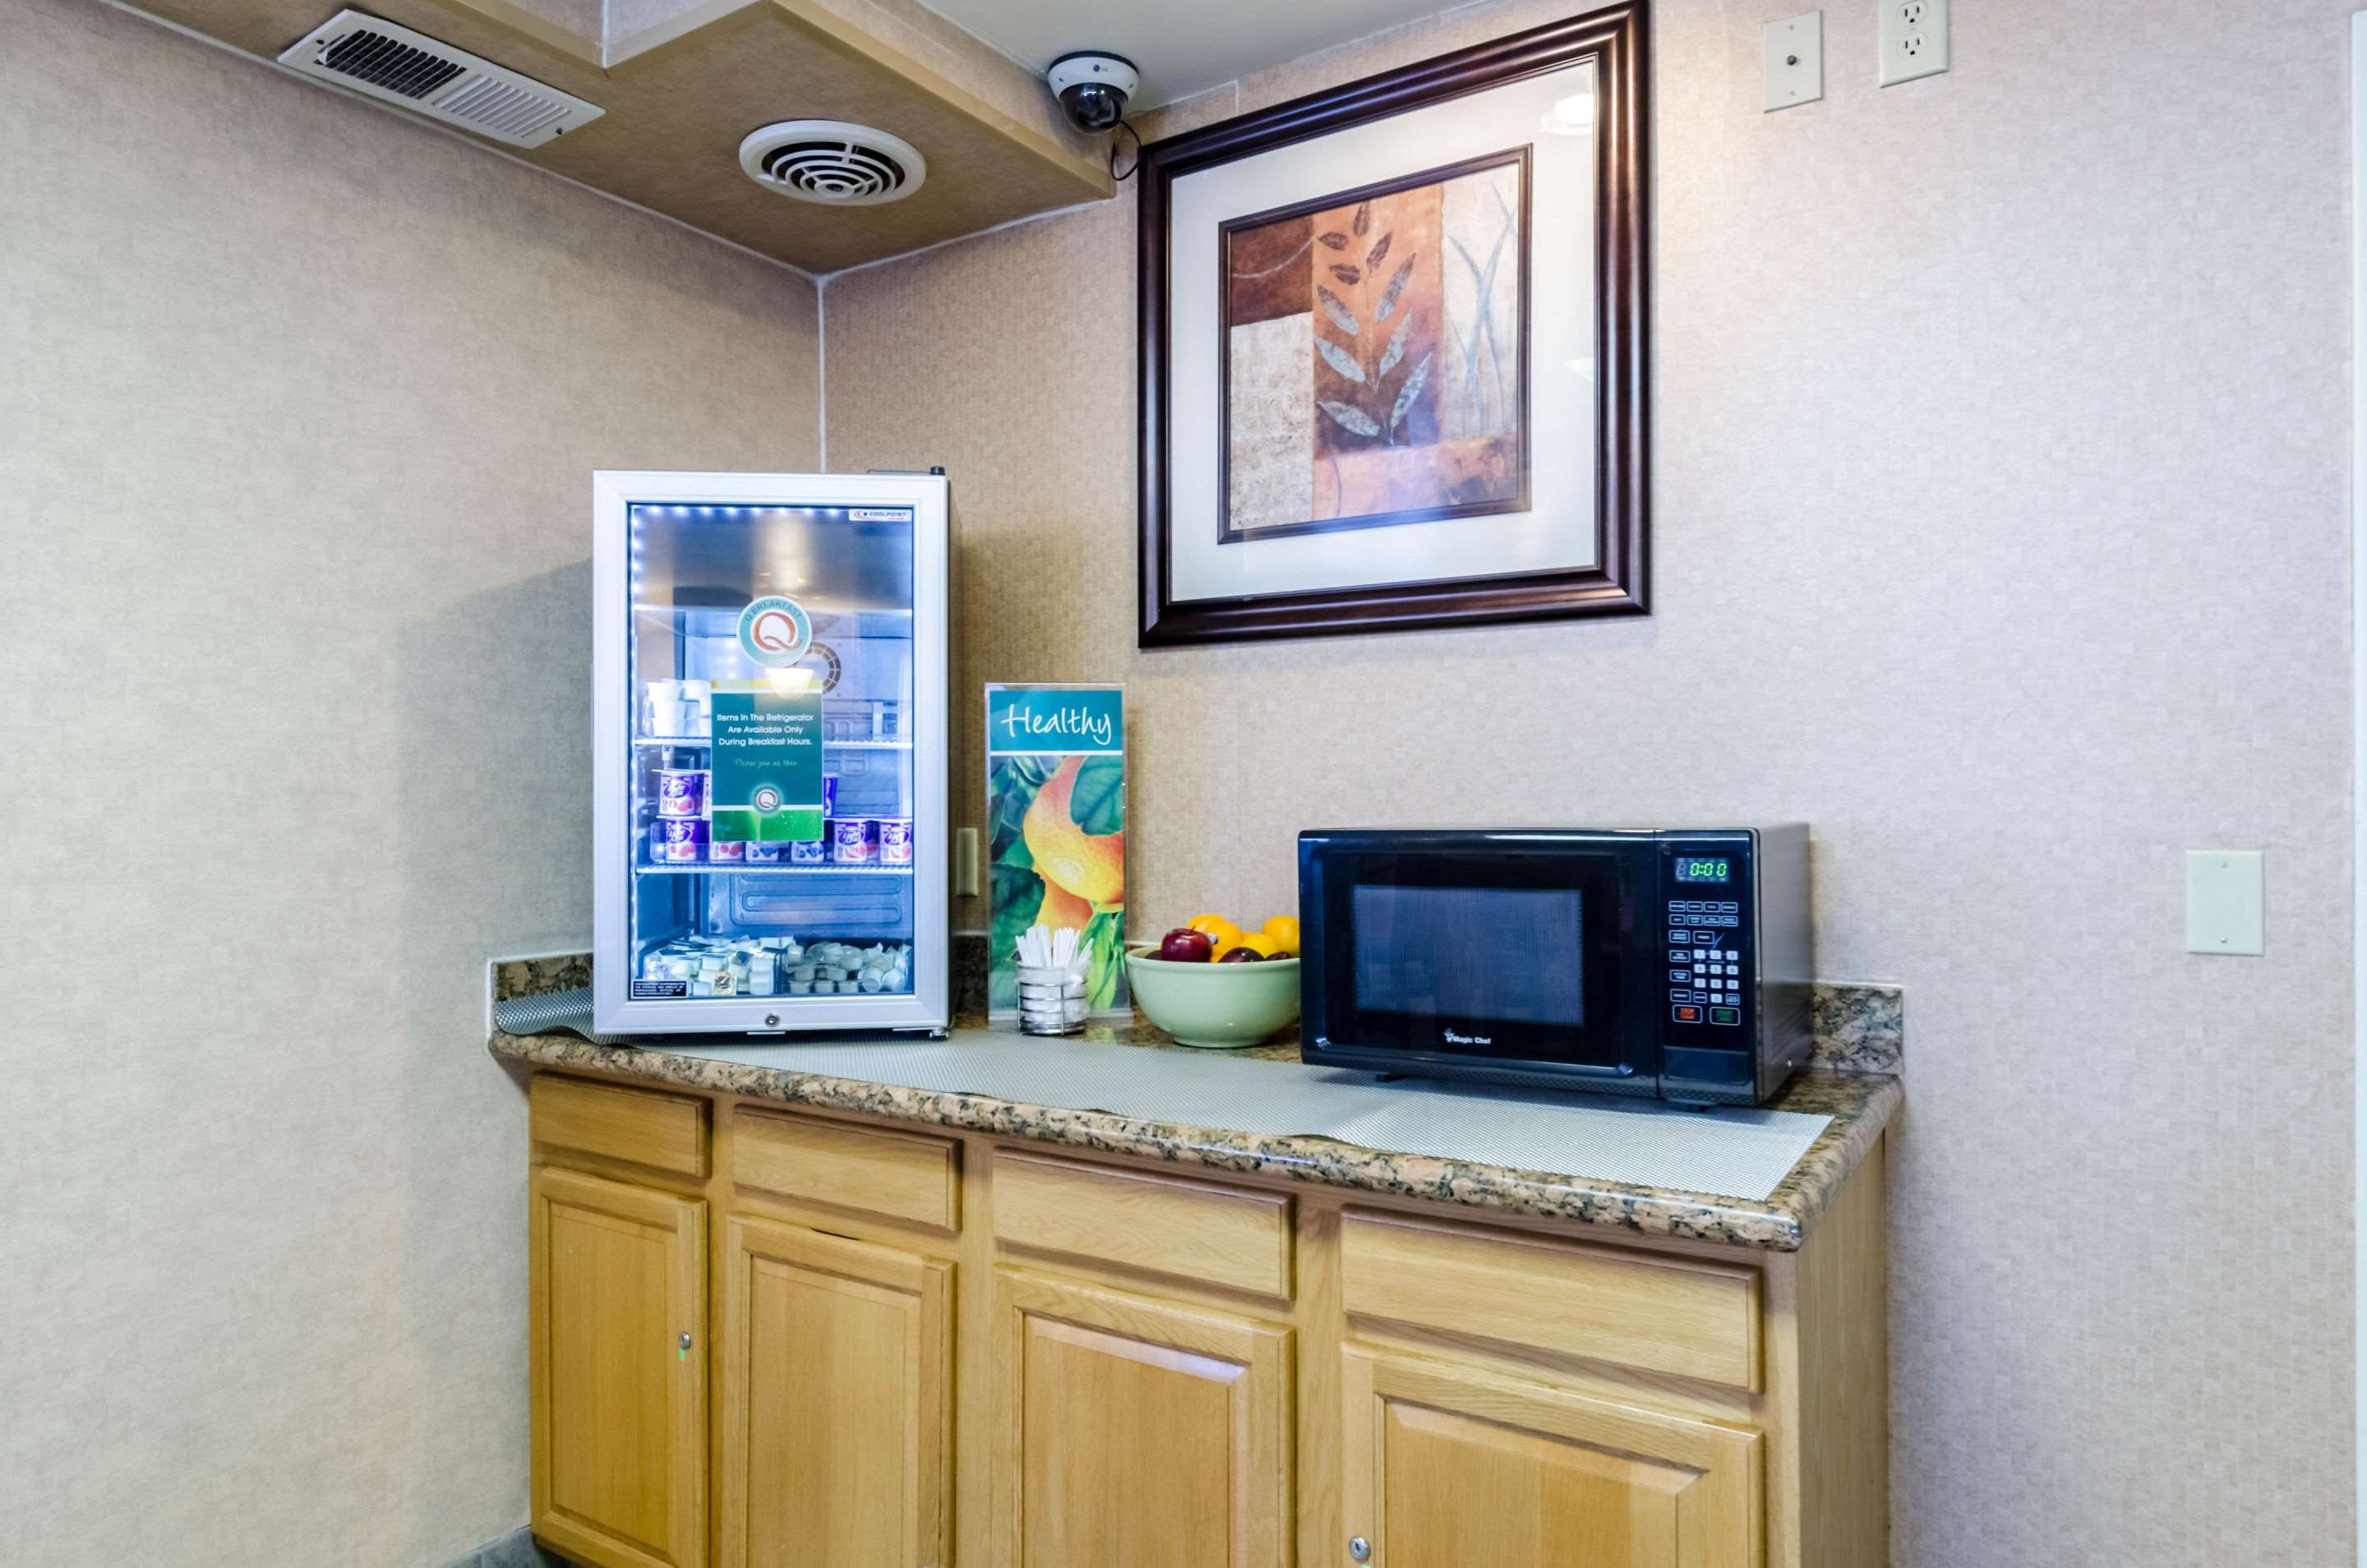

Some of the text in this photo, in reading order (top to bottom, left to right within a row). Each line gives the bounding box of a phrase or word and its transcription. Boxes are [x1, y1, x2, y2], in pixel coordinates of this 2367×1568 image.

[753, 600, 803, 619] BREAKFAST
[752, 611, 802, 651] Q
[717, 713, 814, 722] Items In The Refrigerator
[1000, 703, 1111, 745] Healthy
[783, 726, 804, 735] Only
[718, 738, 746, 747] During
[735, 758, 756, 767] Please
[757, 759, 770, 769] join
[758, 791, 777, 809] Q
[1690, 862, 1727, 877] 0:00
[1452, 1035, 1492, 1045] Magic Chef
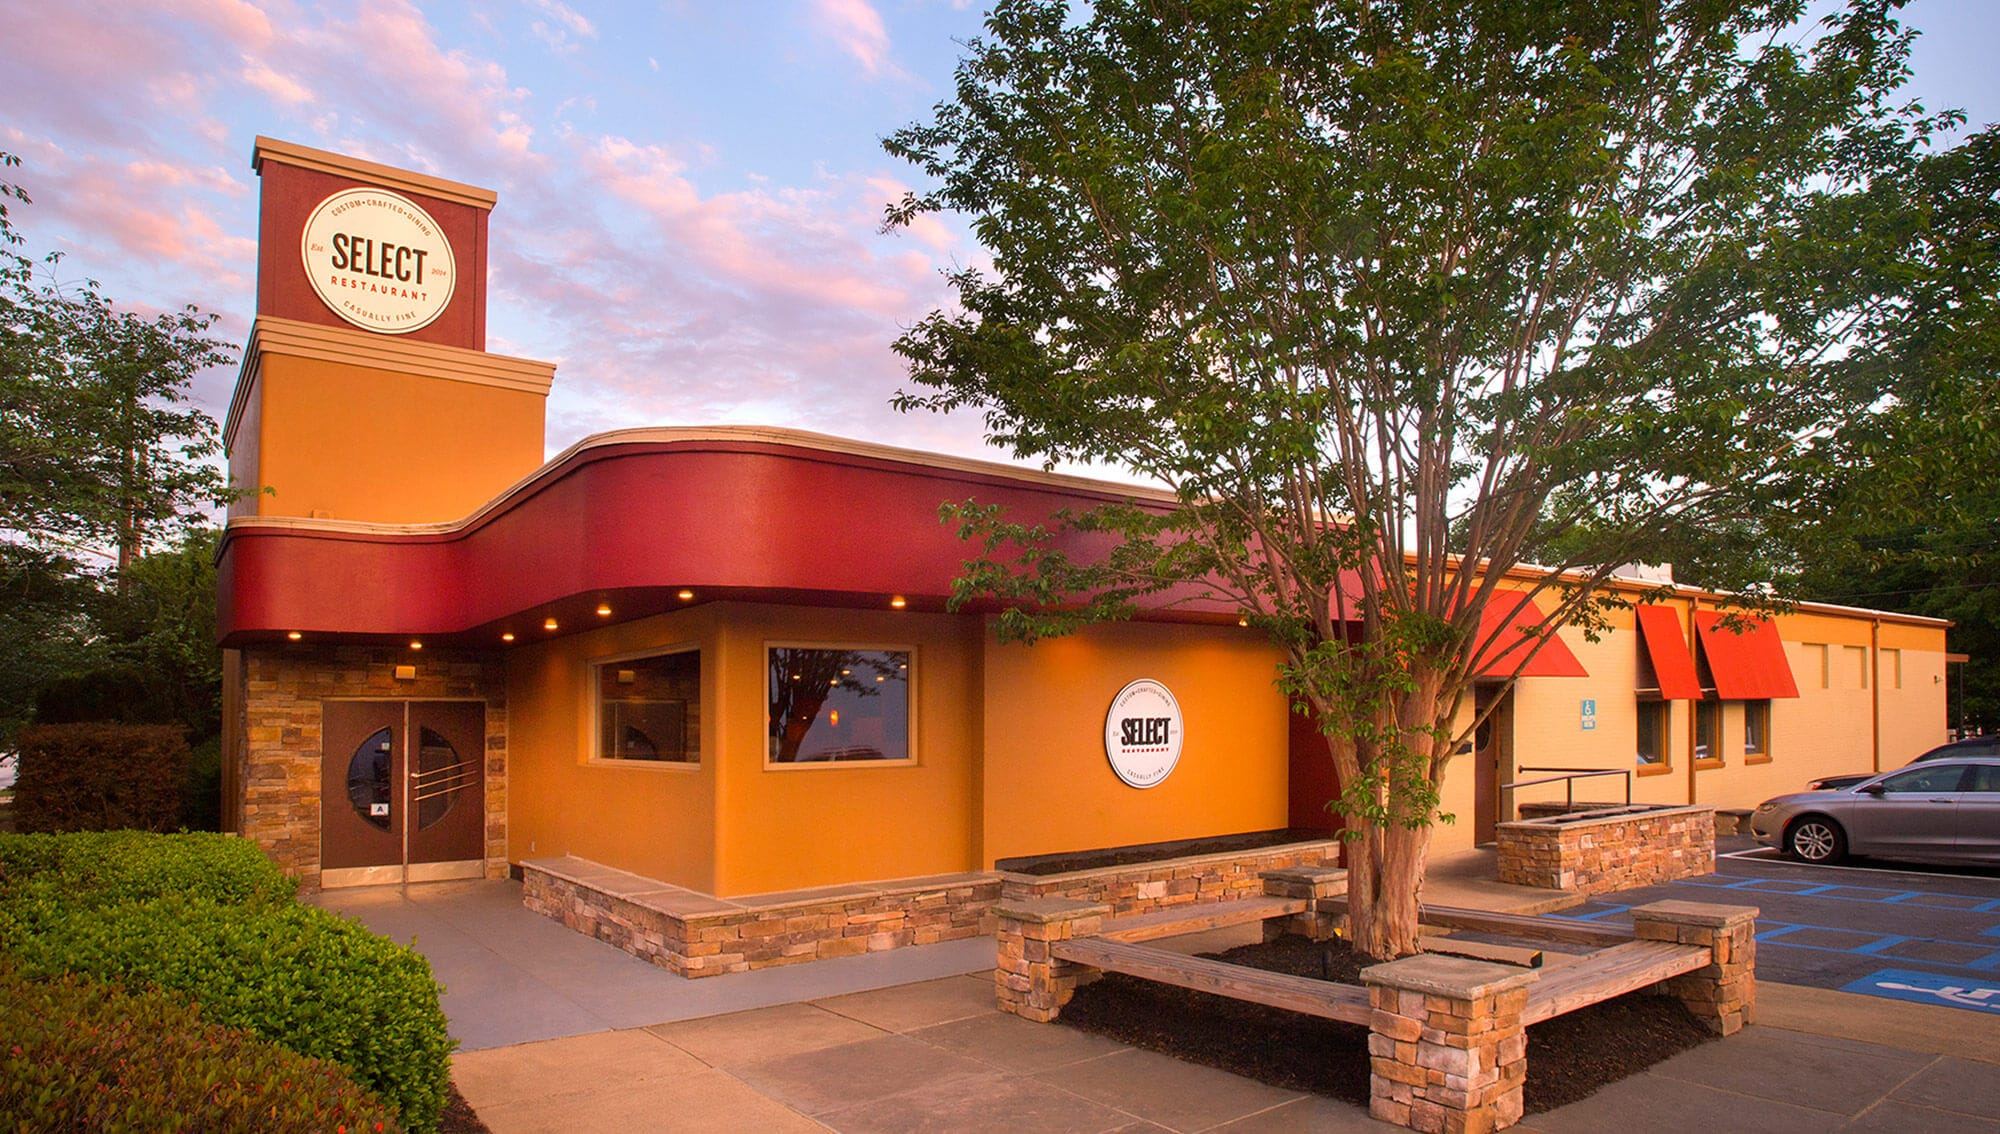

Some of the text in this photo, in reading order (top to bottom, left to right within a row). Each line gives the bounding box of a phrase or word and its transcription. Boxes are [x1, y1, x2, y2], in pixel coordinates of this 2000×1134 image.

+ + +

* _TASK ITEM_
Retype the records in full, exactly as given, and omit the pictures.

* _COMPLETED TASK_
Some of the text in this photo, in reading order (top to bottom, left to right within a row). Each line gives the bounding box of a phrase or word and its transcription. Boxes are [x1, y1, x2, y2], in pixel coordinates of this 2367×1568 image.

[753, 600, 803, 619] BREAKFAST
[752, 611, 802, 651] Q
[717, 713, 814, 722] Items In The Refrigerator
[1000, 703, 1111, 745] Healthy
[783, 726, 804, 735] Only
[718, 738, 746, 747] During
[735, 758, 756, 767] Please
[757, 759, 770, 769] join
[758, 791, 777, 809] Q
[1690, 862, 1727, 877] 0:00
[1452, 1035, 1492, 1045] Magic Chef

Some of the text in this photo, in reading order (top to bottom, left to right within a row). Each line gives the bounding box of a phrase or word and its transcription. Boxes are [x1, y1, x2, y2], in pixel coordinates of this 2000×1134 image.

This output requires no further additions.